Engineering Contradictions & Design Principles
Engineering Contradiction Analysis
1Ease of operation
If conventional systems use ad hoc attribute definitions for unstructured industrial data, then users can easily assign attributes in a free-form manner, but this creates inconsistent attribute mapping across different users and system instances
Solution Approach 1:
The patent transforms the parameter structure by converting free-form, unstructured attribute definitions into a standardized, structured format with predefined schemas. This parameter change enables consistent interpretation across different users and systems while maintaining ease of use through template-based assignment.
Solution Approach 2:
The patent segments the attribute definition process into distinct, standardized components with specific schemas and validation rules. By dividing the monolithic free-form approach into structured segments, the system achieves both consistency in mapping and ease of operation through guided assignment.
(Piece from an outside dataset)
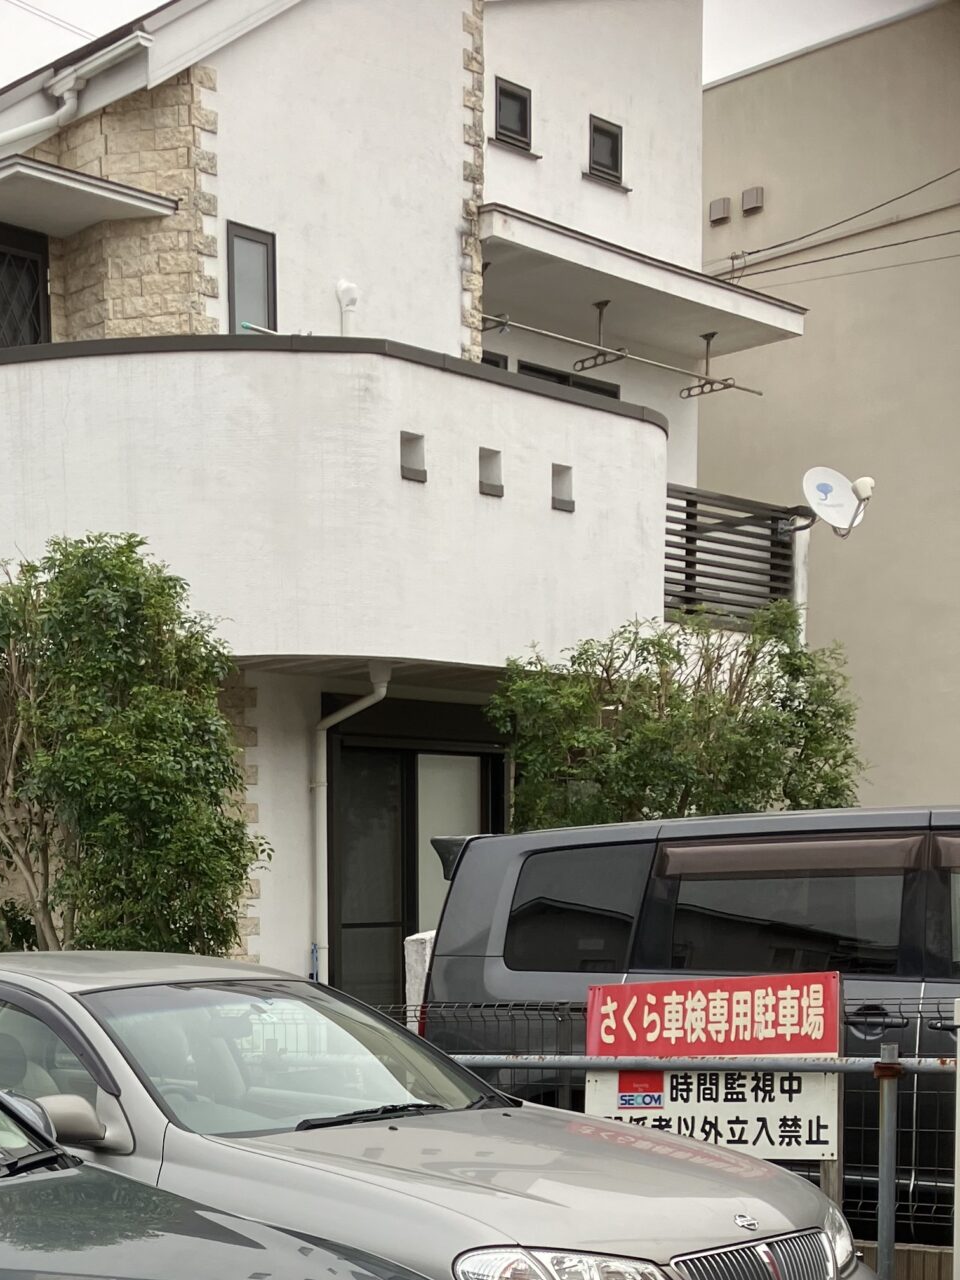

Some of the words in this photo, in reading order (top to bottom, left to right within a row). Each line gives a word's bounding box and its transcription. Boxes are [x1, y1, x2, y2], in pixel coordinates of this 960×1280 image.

2Adaptability or versatility
If conventional systems develop custom models end-to-end for each new industrial system instance, then the models can be tailored to specific system requirements, but this significantly increases deployment time
Solution Approach 1:
The patent performs preliminary actions by pre-defining attribute schemas, data structures, and model templates before deployment. This advance preparation allows rapid instantiation of customized models for different industrial systems without requiring end-to-end custom development, thus reducing deployment time while maintaining adaptability.
Solution Approach 2:
The patent uses template copying and instantiation to create customized models for different industrial system instances. By copying standardized templates and configuring them with system-specific parameters, the system achieves model customization without the time cost of developing each model from scratch.
3Adaptability or versatility
If conventional systems allow ad hoc attribute mapping without strict definitions, then the system is flexible in data assignment, but this increases error rates due to bad or incorrect mapping
Solution Approach 1:
The patent implements feedback mechanisms through schema validation and data quality checks that provide immediate verification of attribute mapping accuracy. This feedback loop maintains data assignment flexibility while preventing errors by validating mappings against predefined schemas before they are committed.
Solution Approach 2:
The patent provides beforehand cushioning by establishing predefined attribute schemas, validation rules, and error-checking mechanisms before data assignment occurs. This preparatory structure prevents incorrect mappings while preserving flexibility within the defined framework.
Data Source
AI summary
In variants, a method for industrial process control can include: determining an industrial system representation using a set of industrial system templates, wherein each template is associated with a control model and a set of attributes corresponding to control model features; determining associations between the attributes of the industrial system representation and data streams from the industrial system; and generating a set of control instructions for the industrial system based on the data streams associated with the attributes.